Procès Cavagnoud : les Français mettent en cause les Allemands

le 12 mai 2005 à 08h45 , mis à jour le 12 mai 2005 à 10h13

L'entraîneur et le starter chargés de l'entraînement durant lequel la skieuse française s'est tuée, en 2001 en Autriche, comparaissent depuis ce matin devant le tribunal correctionnel d'Annecy. A l'audience, ils entendent faire porter la responsabilité de l'accident aux co-organisateurs allemands.

La skieuse Régine Cavagnoud © INTERNE

Le 29 octobre 2001, au cours d'une séance d'entraînement conjointe avec l'équipe allemande sur le glacier autrichien de Pitzal, la skieuse Régine Cavagnoud, lancée à 80 km/h, percute de plein fouet l'entraîneur allemand Markus Anwander, qui n'a pas été prévenu de son départ. La championne du monde de Super-G décède deux jours plus tard, l’entraîneur est grièvement blessé.

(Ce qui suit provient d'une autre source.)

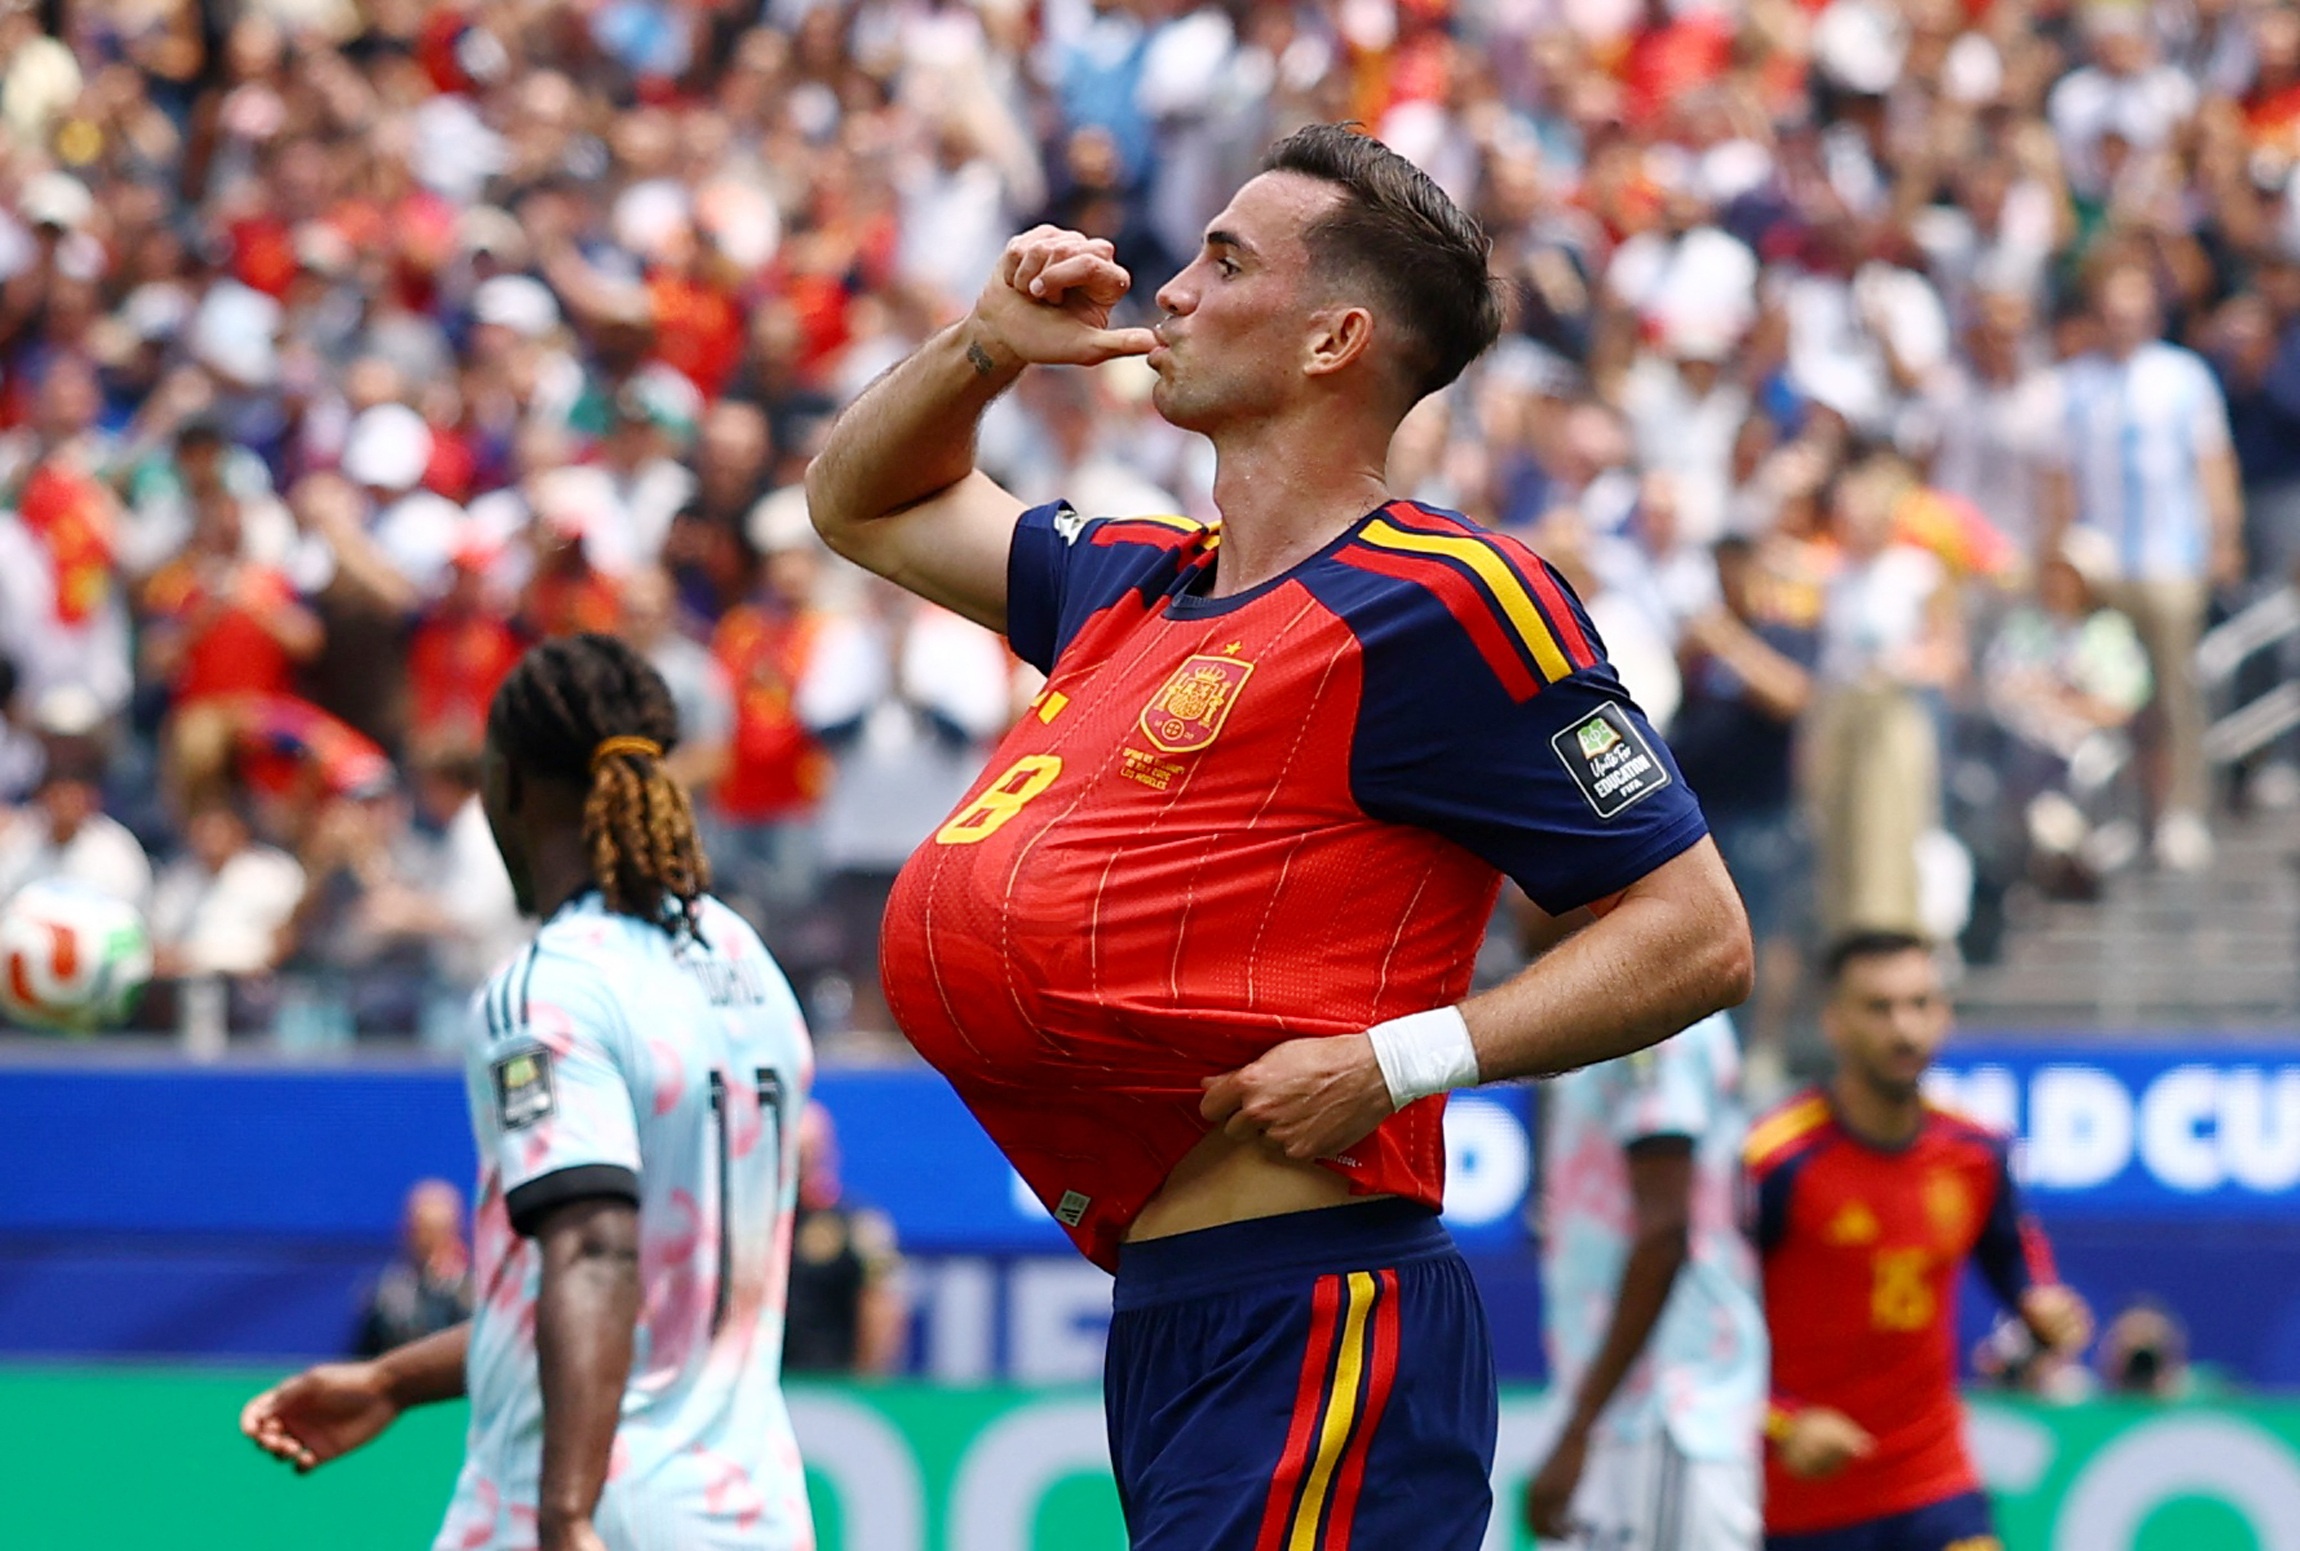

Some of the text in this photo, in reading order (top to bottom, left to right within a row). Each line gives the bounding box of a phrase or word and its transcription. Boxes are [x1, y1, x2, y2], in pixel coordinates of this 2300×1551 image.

Le procès de l'entraîneur de la skieuse et du starter français chargés de l'entraînement durant lequel Régine Cavagnoud est morte, s'est ouvert jeudi matin devant le tribunal correctionnel d'Annecy. Xavier Fournier et David Fine sont poursuivis pour "homicide et blessures involontaires". Au cours de l’audience, qui pourrait être prolongée vendredi, ils ont tous deux l'intention de souligner les responsabilités allemandes dans l'accident. "Il y a eu de graves négligences ce jour là, et elles sont le fait de l'encadrement allemand", a affirmé Me Sophie Dion-Loye, avocate de Xavier Fournier.

"Les responsables sont absents" 

Le directeur de l'équipe de France de ski, Lionel Finance, mis en examen à sa demande pour avoir accès au dossier, a été mis hors de cause, de même que le starter de l'équipe allemande Tjesimir Peranic qui a bénéficié d'un non-lieu. L'encadrement de l'équipe d'Allemagne ayant également obtenu un non-lieu en Autriche, l'affaire a été renvoyée devant la justice française et est jugée dans le tribunal dont dépend le domicile des parents de Régine Cavagnoud, partie civile au procès.

Dans son ordonnance de renvoi, le juge d'instruction français Michel Mollin a estimé que la faute du starter allemand n'était pas caractérisée, contrairement à celle du starter français, qui a donné le départ à Régine Cavagnoud sans s'être assuré que son homologue allemand avait prévenu l'entraîneur allemand. Maître Dion-Loye a une autre interprétation des faits: "l'entraîneur allemand a traversé alors que l'entraînement n'était pas suspendu et la personne qui faisait fonction de starter du côté allemand n'avait ni les qualités, ni la formation pour effectuer ce travail, car il était préposé au matériel". "Les débats vont faire apparaître que les responsables sont absents", a estimé Me Dion-Loye.

De son côté, le Parquet devrait mettre en évidence que la cinquième descente d'entraînement, au cours de laquelle l'accident a eu lieu, n'était pas programmée et qu'il y a eu une faute caractérisée. Cette descente s'est effectuée à la demande de la skieuse, mais son encadrement n'a pas alerté les Allemands.